***** Given data *****

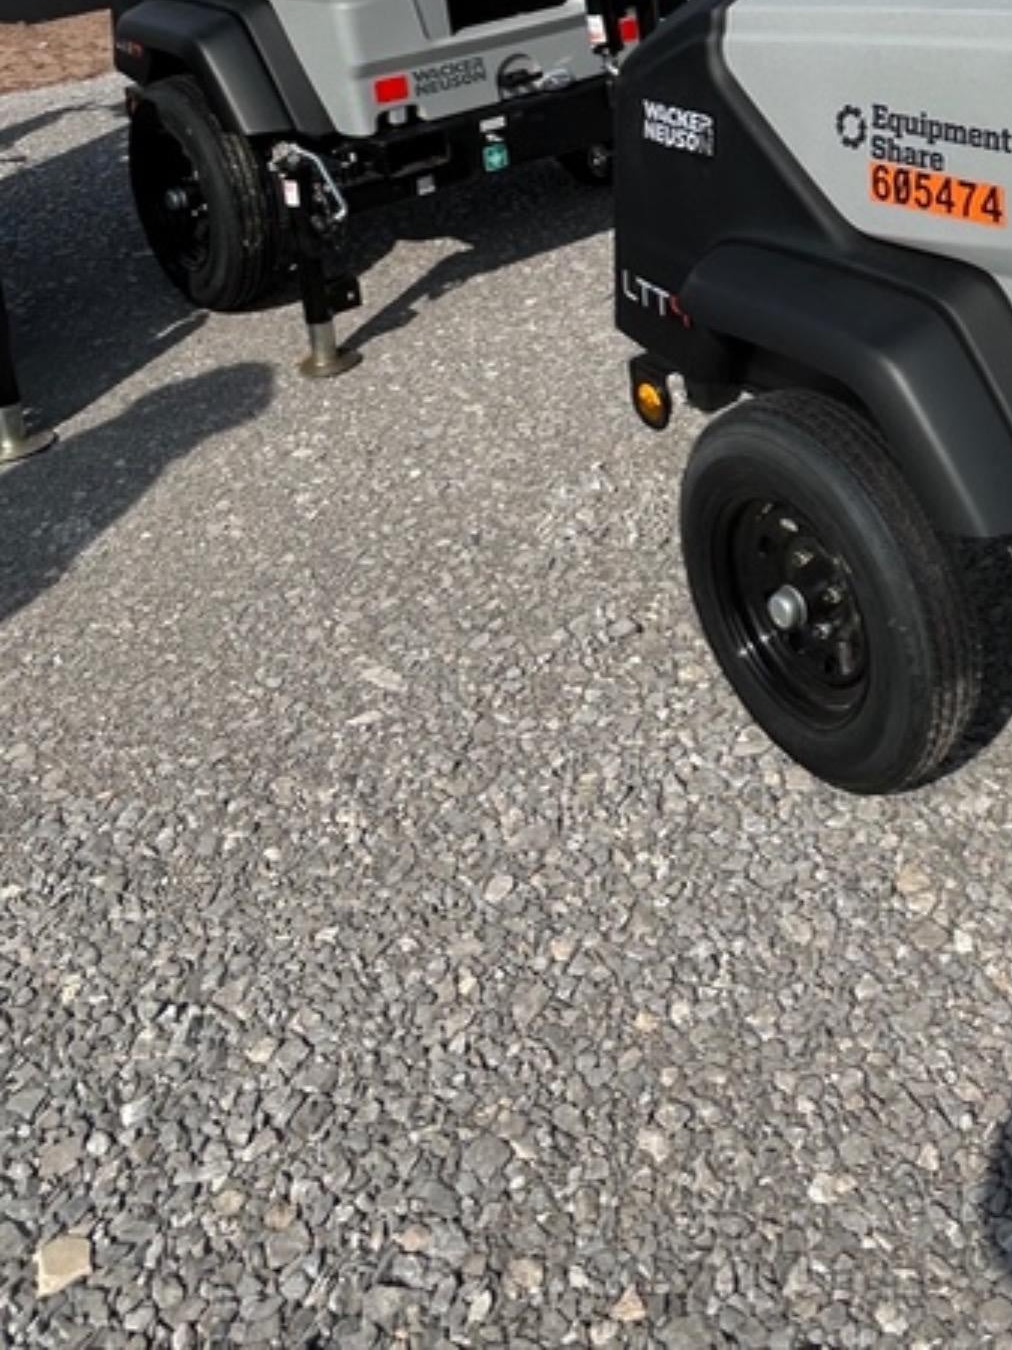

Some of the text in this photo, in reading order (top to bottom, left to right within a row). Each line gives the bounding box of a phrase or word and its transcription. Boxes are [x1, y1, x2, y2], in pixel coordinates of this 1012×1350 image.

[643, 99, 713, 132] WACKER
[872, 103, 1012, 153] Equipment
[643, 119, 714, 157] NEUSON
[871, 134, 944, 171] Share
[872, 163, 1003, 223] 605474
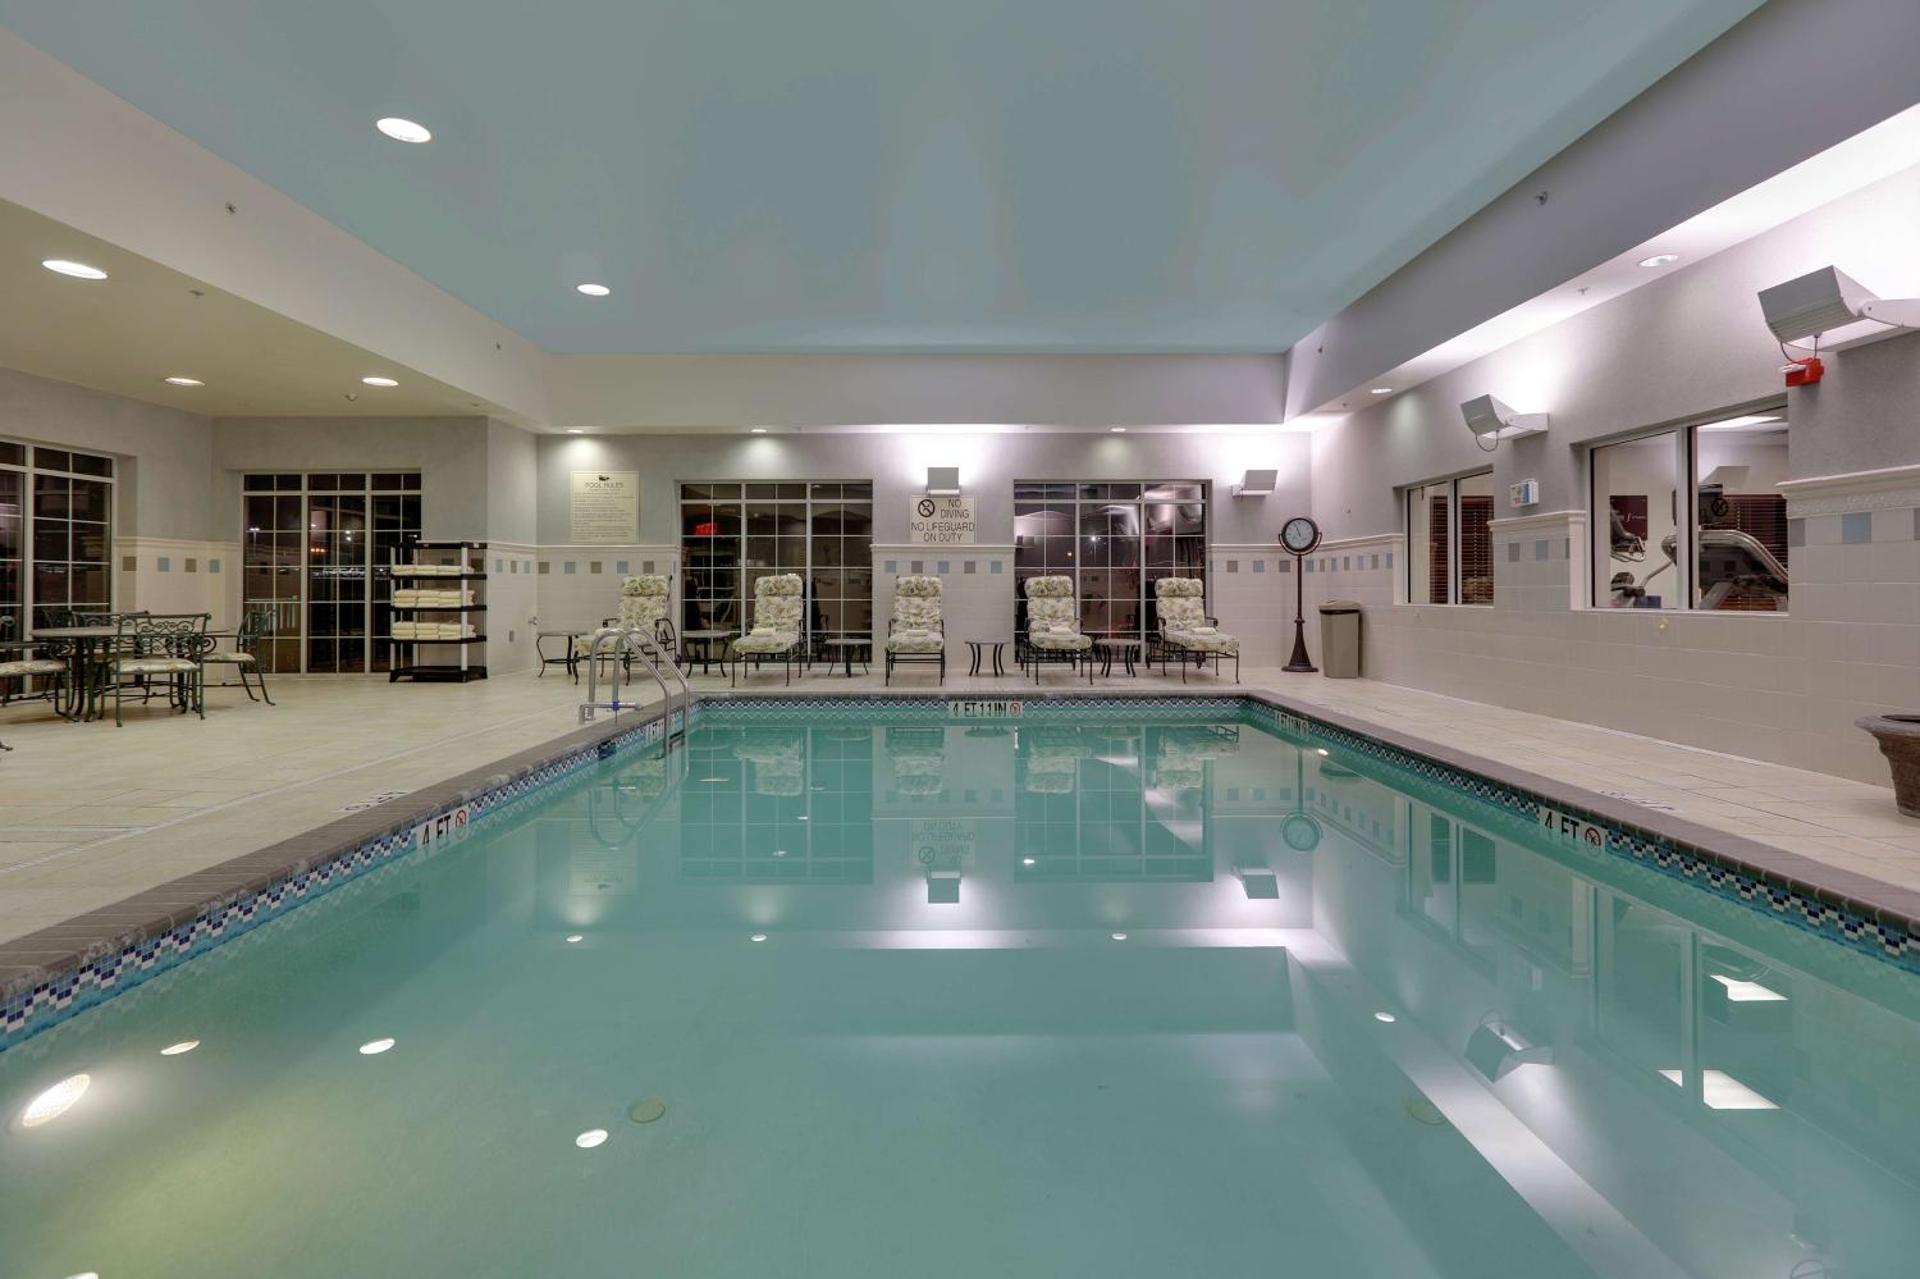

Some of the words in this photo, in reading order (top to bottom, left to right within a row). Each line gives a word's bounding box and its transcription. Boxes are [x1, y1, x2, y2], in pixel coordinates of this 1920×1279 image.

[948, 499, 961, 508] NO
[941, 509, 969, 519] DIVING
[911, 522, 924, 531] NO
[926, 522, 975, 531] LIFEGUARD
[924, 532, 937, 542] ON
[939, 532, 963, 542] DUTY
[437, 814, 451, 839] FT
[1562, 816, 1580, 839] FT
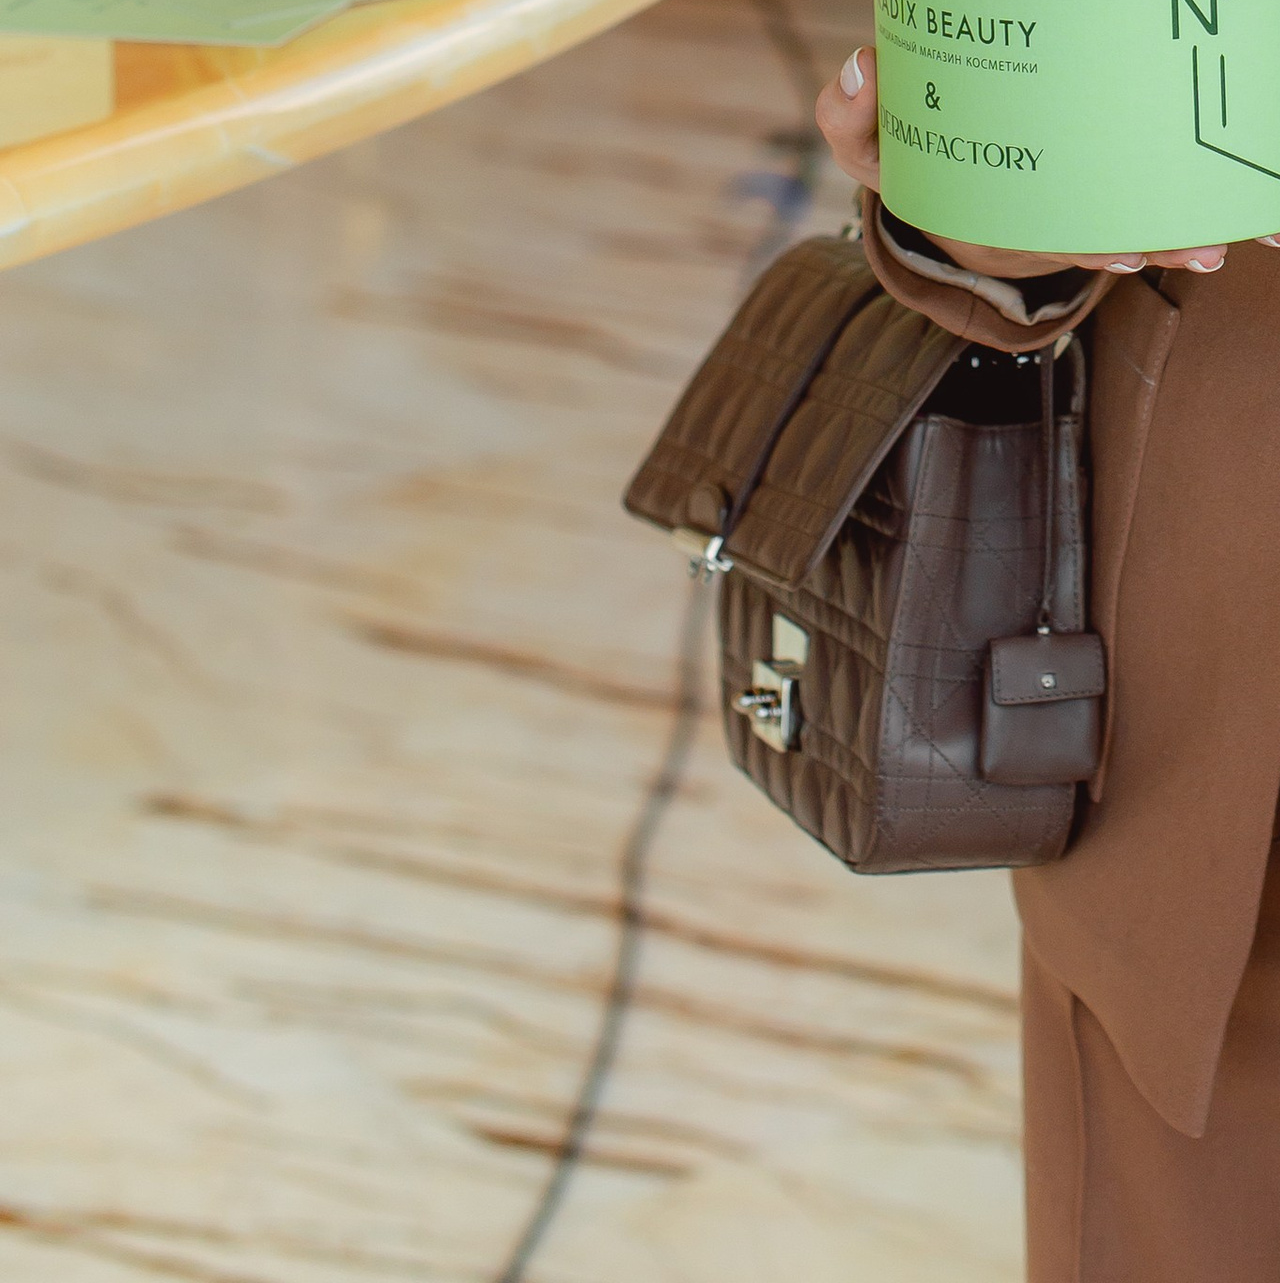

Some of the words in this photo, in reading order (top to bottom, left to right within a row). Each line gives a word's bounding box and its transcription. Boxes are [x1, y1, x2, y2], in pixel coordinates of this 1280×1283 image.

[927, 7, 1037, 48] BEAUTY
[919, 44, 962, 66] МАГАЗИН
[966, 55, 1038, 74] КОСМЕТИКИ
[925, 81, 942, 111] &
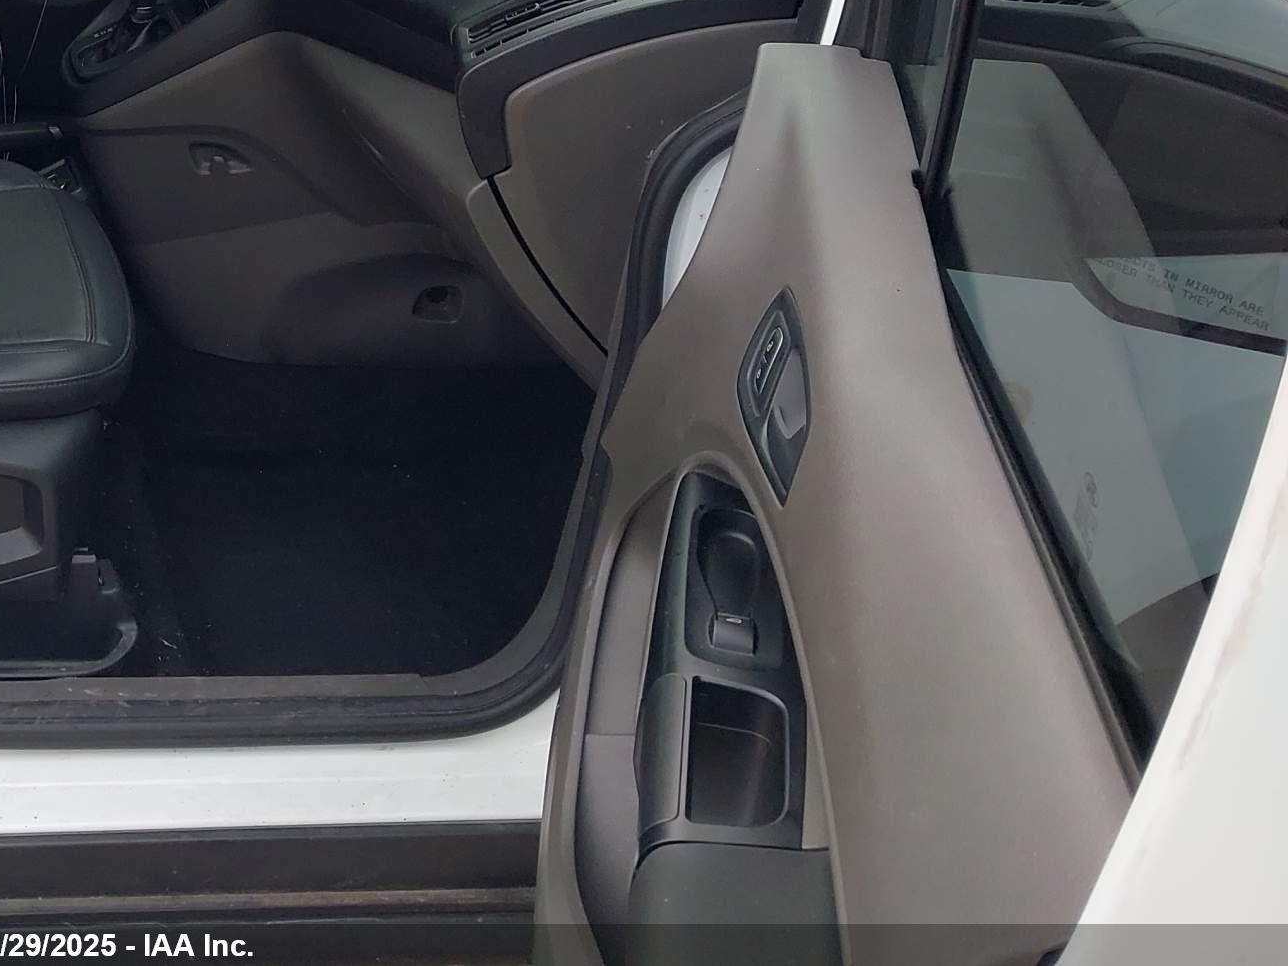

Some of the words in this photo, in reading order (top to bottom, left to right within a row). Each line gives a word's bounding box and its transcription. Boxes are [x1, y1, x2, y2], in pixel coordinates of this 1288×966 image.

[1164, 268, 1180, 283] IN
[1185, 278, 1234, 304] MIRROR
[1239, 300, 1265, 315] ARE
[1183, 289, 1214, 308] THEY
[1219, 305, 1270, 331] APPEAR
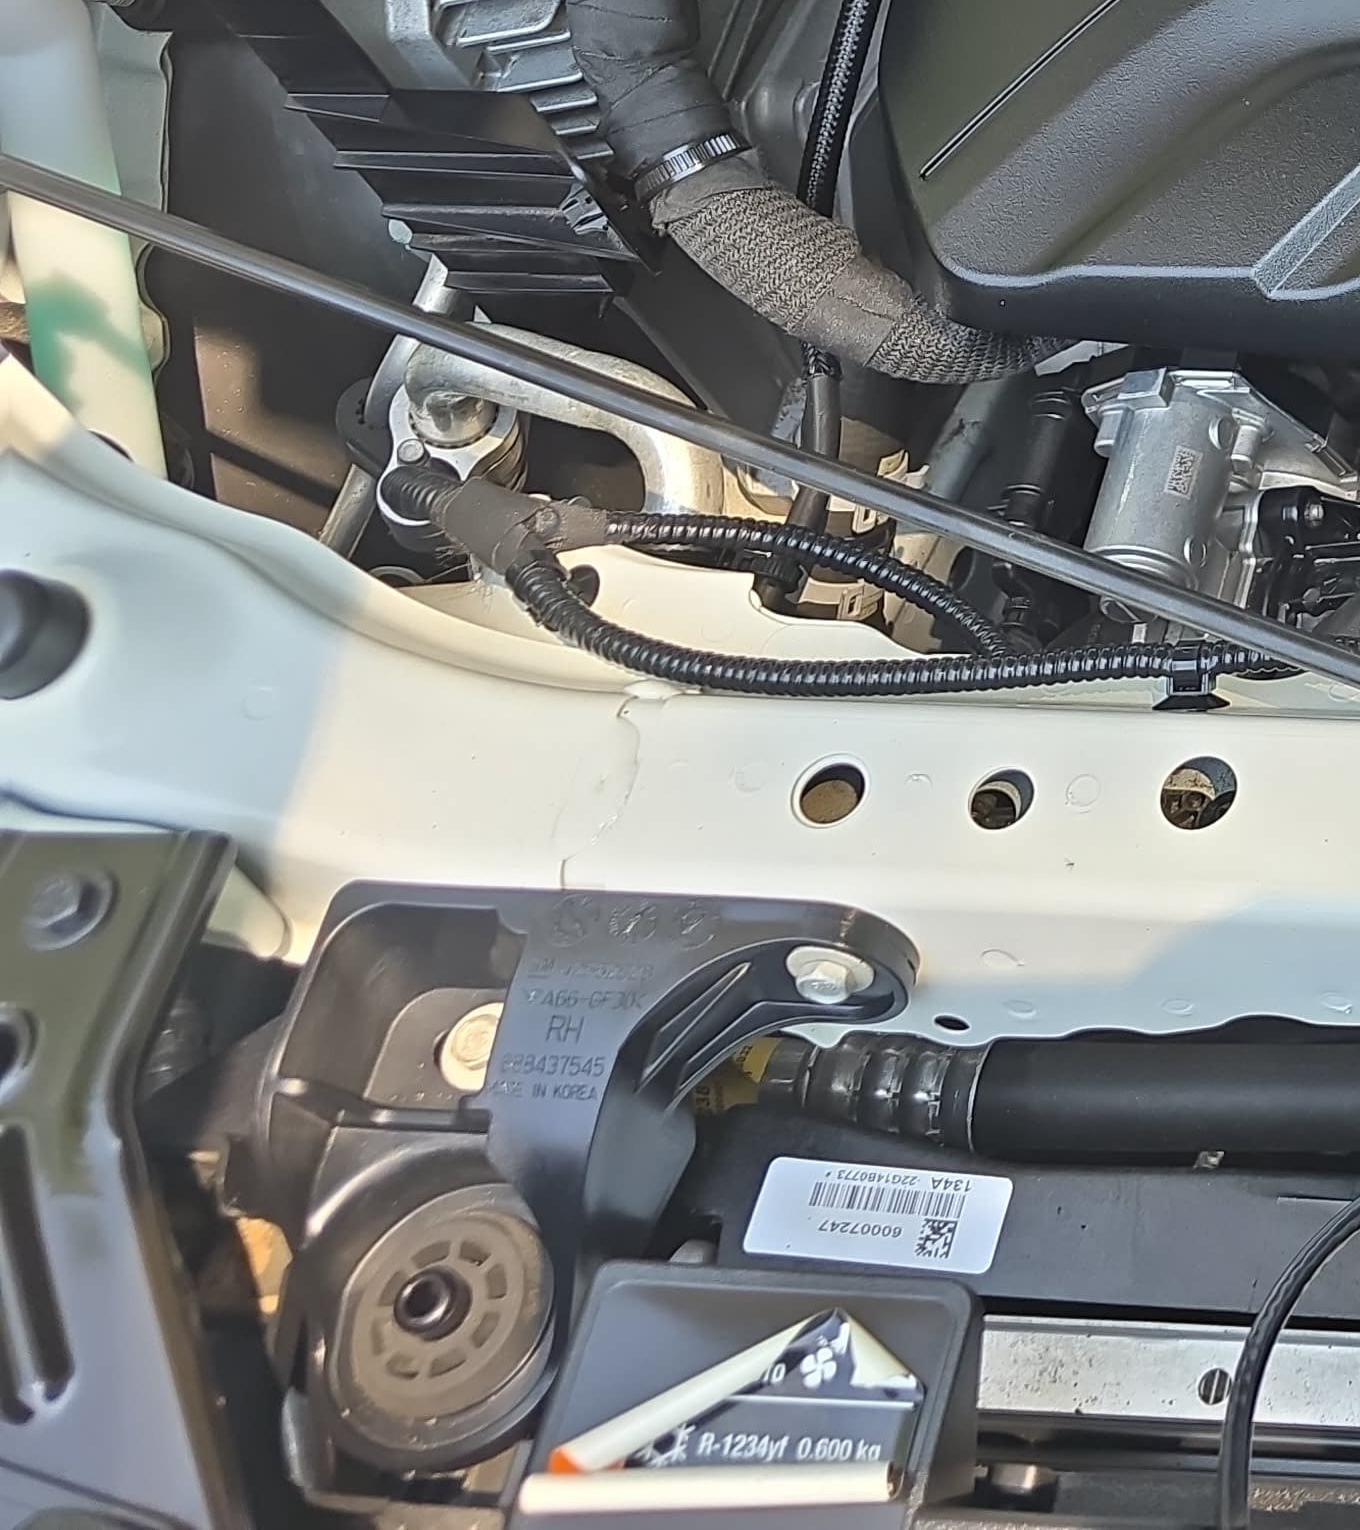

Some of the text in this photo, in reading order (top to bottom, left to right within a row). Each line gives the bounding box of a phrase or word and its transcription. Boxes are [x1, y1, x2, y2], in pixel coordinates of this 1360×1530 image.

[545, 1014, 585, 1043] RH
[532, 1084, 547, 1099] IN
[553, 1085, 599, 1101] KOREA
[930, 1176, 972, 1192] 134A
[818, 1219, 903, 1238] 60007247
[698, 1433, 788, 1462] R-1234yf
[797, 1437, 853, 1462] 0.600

*****

• What to do
Could you print the listing above word for word, without its pictures?

• Answer section
Some of the text in this photo, in reading order (top to bottom, left to right within a row). Each line gives the bounding box of a phrase or word and its transcription. Boxes are [x1, y1, x2, y2], in pixel coordinates of this 1012×1350 image.

[643, 99, 713, 132] WACKER
[872, 103, 1012, 153] Equipment
[643, 119, 714, 157] NEUSON
[871, 134, 944, 171] Share
[872, 163, 1003, 223] 605474

Some of the words in this photo, in reading order (top to bottom, left to right within a row). Each line gives a word's bounding box and its transcription. Boxes are [x1, y1, x2, y2], in pixel coordinates of this 1920×1279 image.

[948, 499, 961, 508] NO
[941, 509, 969, 519] DIVING
[911, 522, 924, 531] NO
[926, 522, 975, 531] LIFEGUARD
[924, 532, 937, 542] ON
[939, 532, 963, 542] DUTY
[437, 814, 451, 839] FT
[1562, 816, 1580, 839] FT

Some of the words in this photo, in reading order (top to bottom, left to right within a row). Each line gives a word's bounding box and its transcription. Boxes are [x1, y1, x2, y2], in pixel coordinates of this 1280×1283 image.

[927, 7, 1037, 48] BEAUTY
[919, 44, 962, 66] МАГАЗИН
[966, 55, 1038, 74] КОСМЕТИКИ
[925, 81, 942, 111] &

Some of the words in this photo, in reading order (top to bottom, left to right within a row). Each line gives a word's bounding box and its transcription. Boxes are [x1, y1, x2, y2], in pixel coordinates of this 1288×966 image.

[1164, 268, 1180, 283] IN
[1185, 278, 1234, 304] MIRROR
[1239, 300, 1265, 315] ARE
[1183, 289, 1214, 308] THEY
[1219, 305, 1270, 331] APPEAR

Some of the text in this photo, in reading order (top to bottom, left to right within a row). Each line gives the bounding box of a phrase or word and its transcription. Boxes are [x1, y1, x2, y2], in pixel coordinates of this 1360×1530 image.

[545, 1014, 585, 1043] RH
[532, 1084, 547, 1099] IN
[553, 1085, 599, 1101] KOREA
[930, 1176, 972, 1192] 134A
[818, 1219, 903, 1238] 60007247
[698, 1433, 788, 1462] R-1234yf
[797, 1437, 853, 1462] 0.600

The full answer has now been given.